The method we used for peptide quantification is well established and has been described in detail previously (20). What differentiates our quantification study from those previously performed using this methodology is the very large number of samples included. The fact that it is based on such a large series of samples makes it impossible to obtain quantitative estimates using an independent method. To address the robustness of the results using another method, we therefore verified the correlation between one APOE peptide detected by MS and for which we had quantitative protein data available based on an independent method (immunoassay). The results for this limited validation support the validity of the MS method for protein quantification.

Plasma contains a large number of proteins, and their concentrations span at least 10 orders of magnitude (21). This means that it is difficult to measure more than the 100 or so of the most abundant proteins without depletion of the top proteins or enrichment of low-abundant proteins and peptides from low-abundant proteins (22). We used a spectral library for identifying the peptides.

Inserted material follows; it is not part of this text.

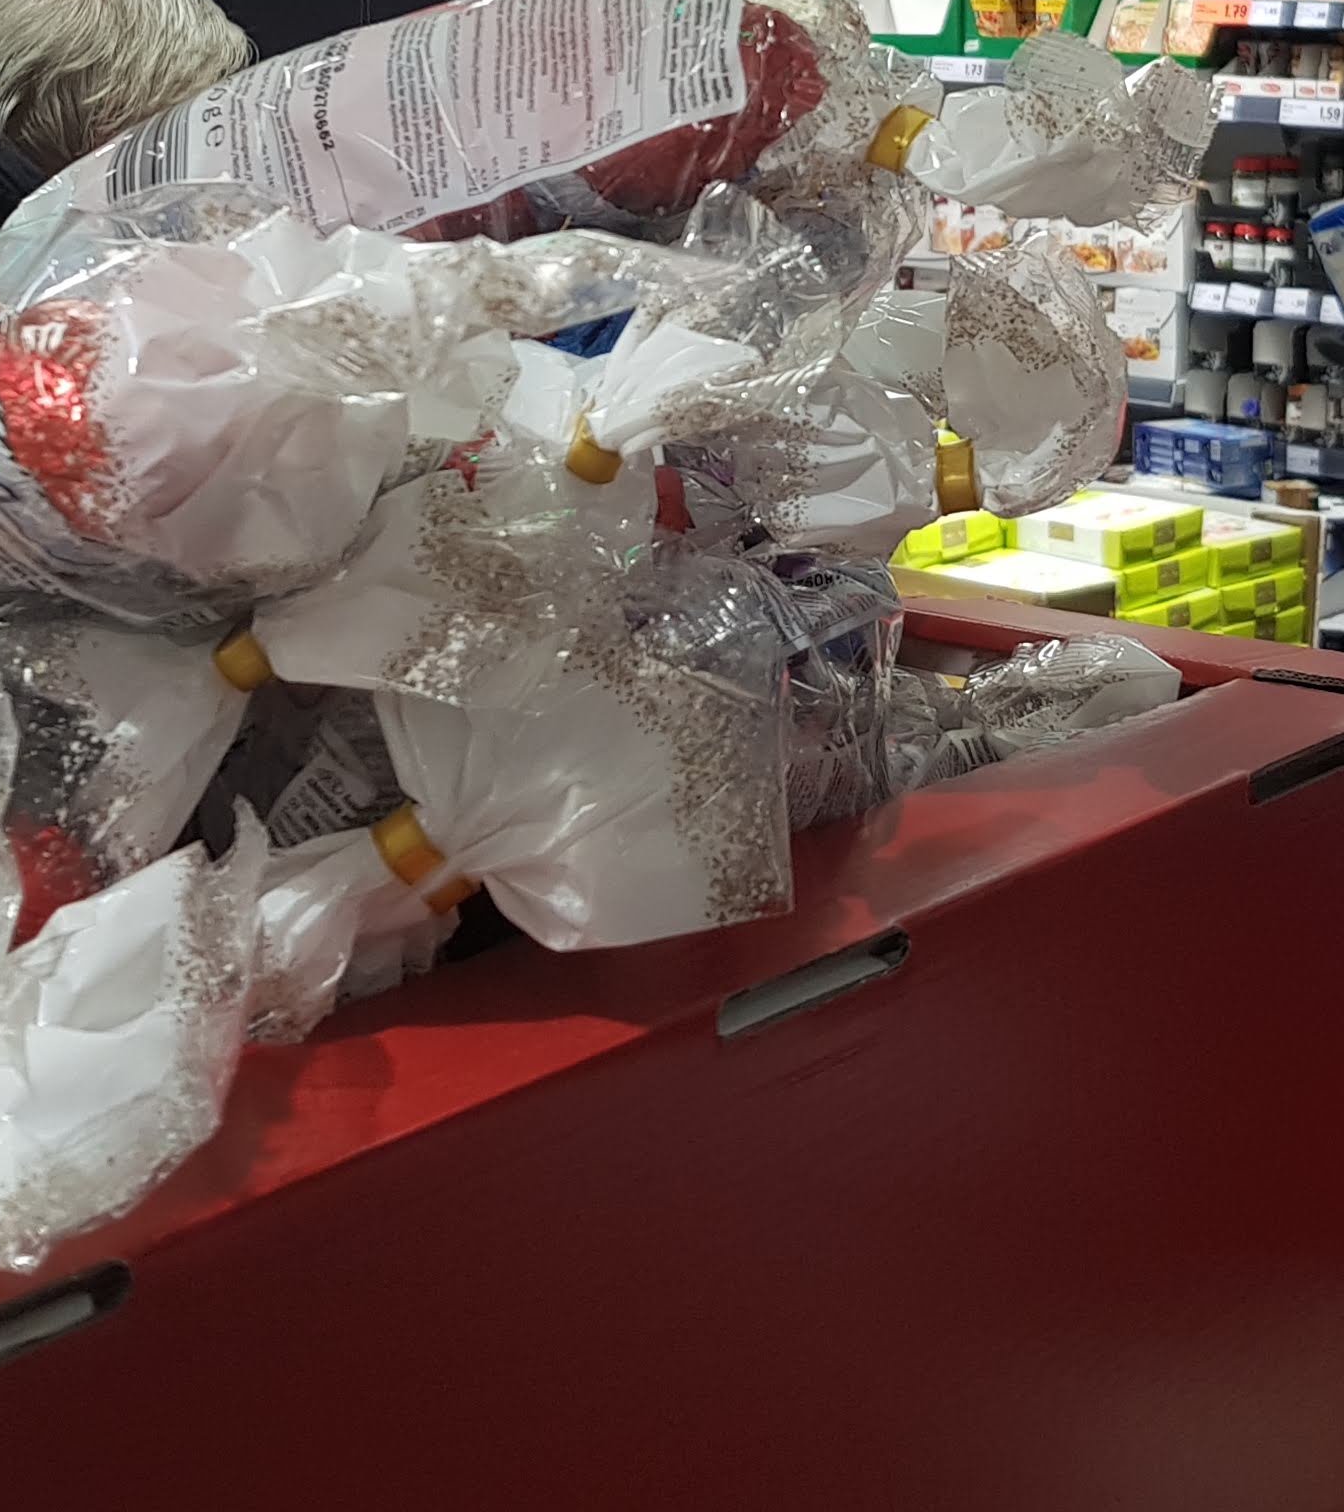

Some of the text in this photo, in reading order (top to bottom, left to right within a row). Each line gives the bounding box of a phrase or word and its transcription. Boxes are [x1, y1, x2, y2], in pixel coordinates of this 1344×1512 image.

[1224, 4, 1248, 18] 1.79
[965, 63, 983, 76] 1.73
[1320, 106, 1341, 120] 1.59

Such libraries differ from sequence databases in the sense that they combine spectra identified by different methods, including semitryptic searches or even SNPs. Spectral libraries have recently been proposed (23) as an archiving method for storing and sharing observed peptides and their tandem mass spectra. The libraries used in spectral analyses are still smaller than searching all possible peptides, but do include common variants and peptides resulting from semitryptic cleavage. Consequently, a number of peptides that differ by semitryptic cleavage are included in our dataset. The handling and processing of plasma samples might affect the measurements, such as oxidation of some peptides during handling. However, samples were handled in random order and as consistently as possible using cooled solvent to minimize oxidation and sample-to-sample variability. The critical aspect is that there is no systematic bias due to oxidation or other modifications introduced by the sample handling and genotyping. However, it is important to realize that all these potential uncertainties influence the accuracy of the peptide quantification independently of the underlying cis-regulatory genetic variants and will consequently only reduce the power of identifying biologically significant associations rather than introduce false positive associations.

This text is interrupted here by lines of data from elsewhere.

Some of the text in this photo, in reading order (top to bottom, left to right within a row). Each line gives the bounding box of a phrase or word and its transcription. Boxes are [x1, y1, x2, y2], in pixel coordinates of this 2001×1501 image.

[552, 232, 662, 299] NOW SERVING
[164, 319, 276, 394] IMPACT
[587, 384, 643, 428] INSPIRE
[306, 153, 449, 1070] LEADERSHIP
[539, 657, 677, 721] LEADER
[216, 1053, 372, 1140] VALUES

We compared our results with eQTL, showing that four of five of our associations were overlapping with a known eQTL, whereas previously known eQTL were not enriched for low P values in our dataset. This discrepancy is most likely due to the more cell-specific localization of mRNAs compared with proteins that are often released into the blood stream. However, protein levels are mainly regulated at the level of translation and the correlation between mRNA and protein concentrations is far from perfect (9). In addition, different protein isomers (caused by nsSNPs) might differ in their stability, causing differences in half-life and protein levels, independent of the transcriptional and translational regulation.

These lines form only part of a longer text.